Samir Aita, Syria: a monopoly on democracy, Le Monde diplomatique, July, 2005: “It is worth recalling how Syria was built on a democratic compromise after the first world war.”

Reuters, Syria, Iraq Restore Ties to Combat Militants, New York Times, November 21, 2006: “Saying the United States appeared to be “trapped in Iraq,” unable either to stay or go, United Nations Secretary General Kofi Annan urged Iran and Syria to be “part of the solution.”

James Bennet, The Enigma of Damascus, The New York Times, July 10, 2005: “‘When you talk about upgrading society, you talk about open-minded,’ he said. ‘When you talk about open-minded, you mean freedom. Freedom of thinking.’”

98 Comments

  1. Old Nick says:

    A couple of selections from Middle East Transparent’s cache of Syria-related articles:

    The Syrian-American Rift By Akiva Eldar – opening paragraphs:

    As the U.S. congressional elections approach, thousands of party activists are shuttling between synagogues and Evangelical churches, competing with their pro-Israel declarations to garner votes and money. But as of next Tuesday, the rules of the political game in Washington will change: In come the political advisers seeking to rescue Client Number One from the Iraqi vale of tears. James Baker, Bush Sr.’s secretary of state, is expected to present Bush Jr. with a plan detailing an escape from the quagmire.

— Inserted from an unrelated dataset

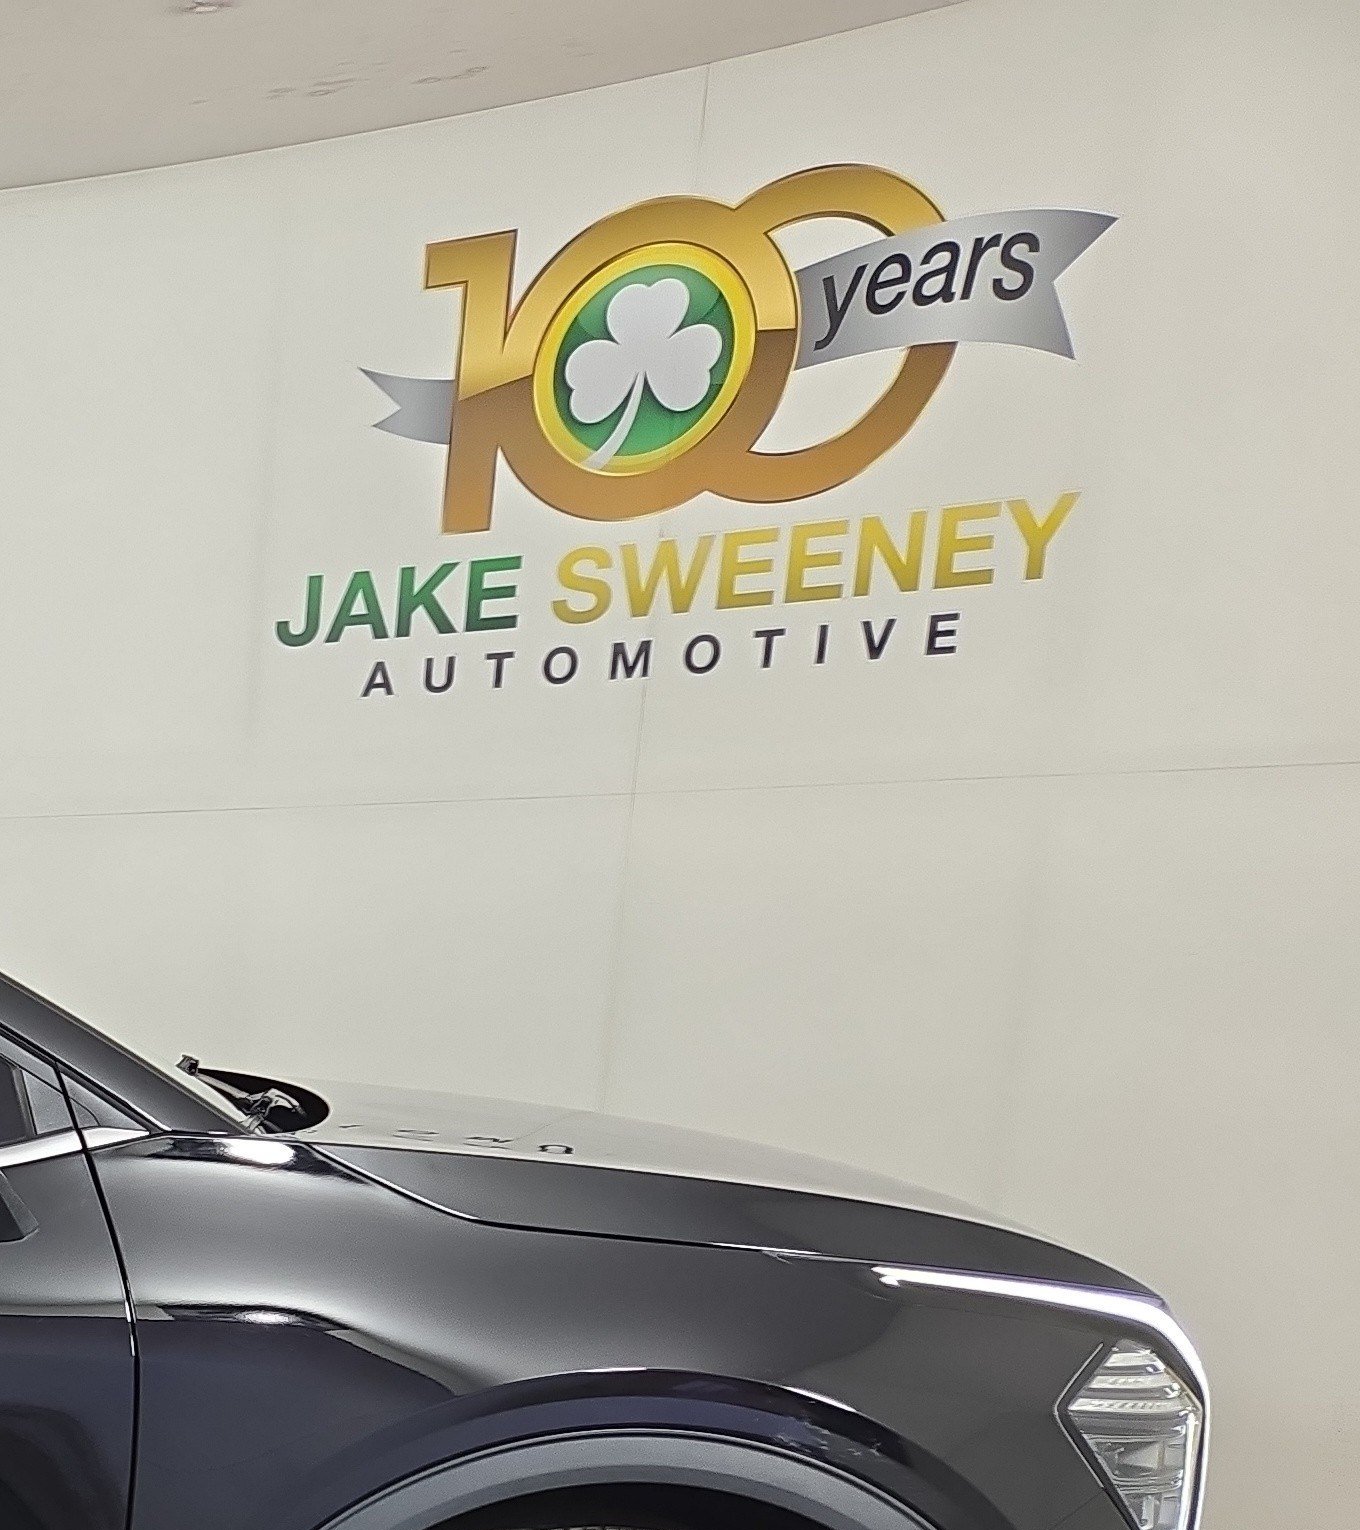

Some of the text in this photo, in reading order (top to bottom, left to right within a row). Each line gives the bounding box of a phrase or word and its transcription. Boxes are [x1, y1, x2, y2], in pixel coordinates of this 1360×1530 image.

[426, 163, 1040, 535] 100 years
[275, 491, 1082, 647] JAKE SWEENEY
[361, 612, 962, 698] AUTOMOTIVE
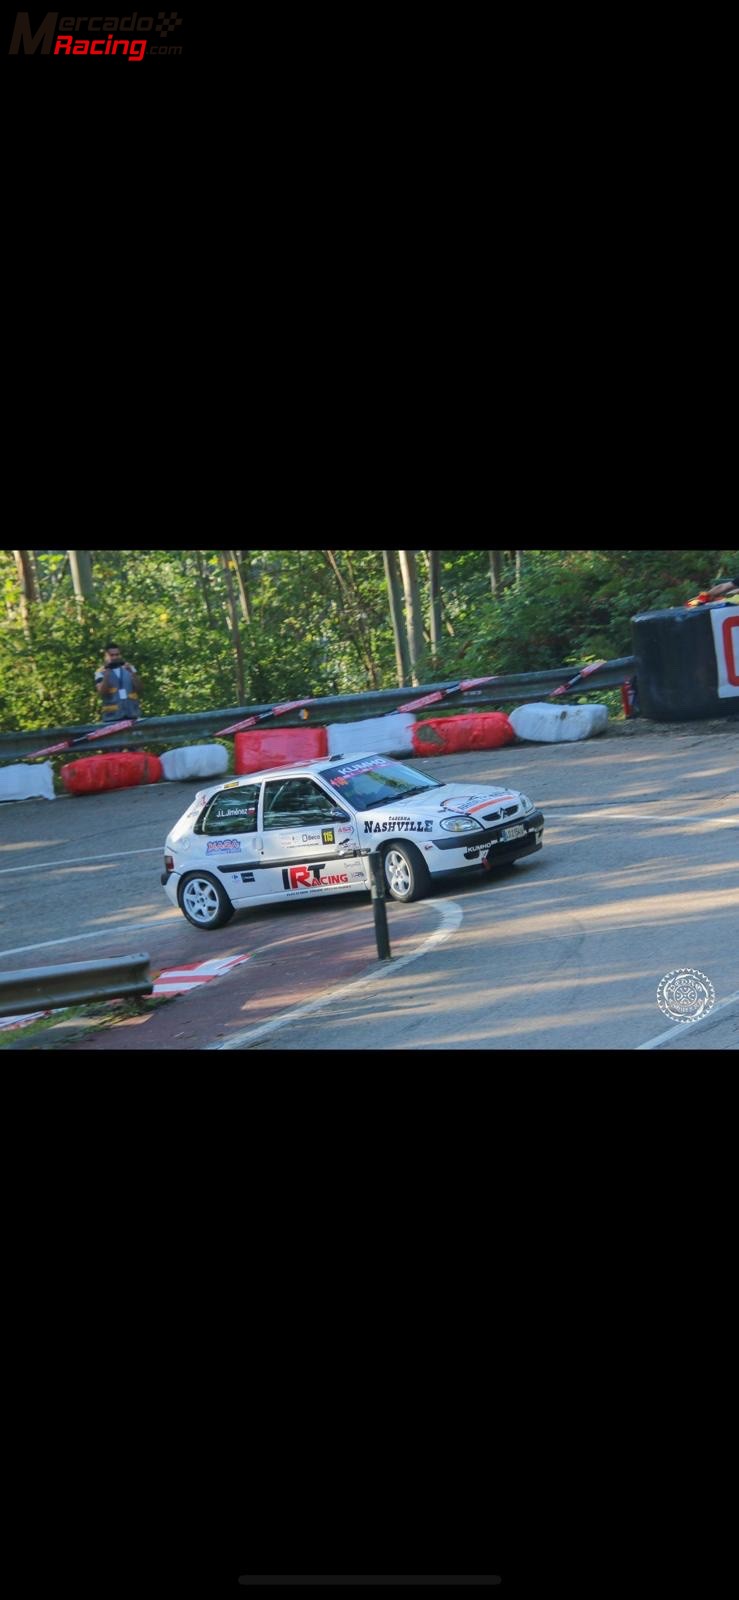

    Edward Djerejian, who heads the James Baker Institute for Public Policy and is involved in drafting the plan, has said in private conversations that the document will recommend Bush lift the boycott on Syria and advance Israeli-Palestinian negotiations. Djerejian, who was American ambassador to both Syria and Israel, has maintained close relations with the regime in Damascus. He wrote in the last issue of Foreign Affairs: “Syria poses both a danger and an opportunity. The [Bashar] Assad regime could undermine security arrangements in southern Lebanon, hinder progress in Iraq and continue to support Hezbollah, Palestinian Islamic Jihad and radicals in Hamas. But it could also play a constructive role in the region – a possibility that has yet to be fully explored. The Bush administration’s engagement with the Syrians from 2003 to 2005 left both sides frustrated. Washington felt that Damascus offered too little too late, and Damascus felt that Washington constantly increased its demands and refused to be satisfied.(”)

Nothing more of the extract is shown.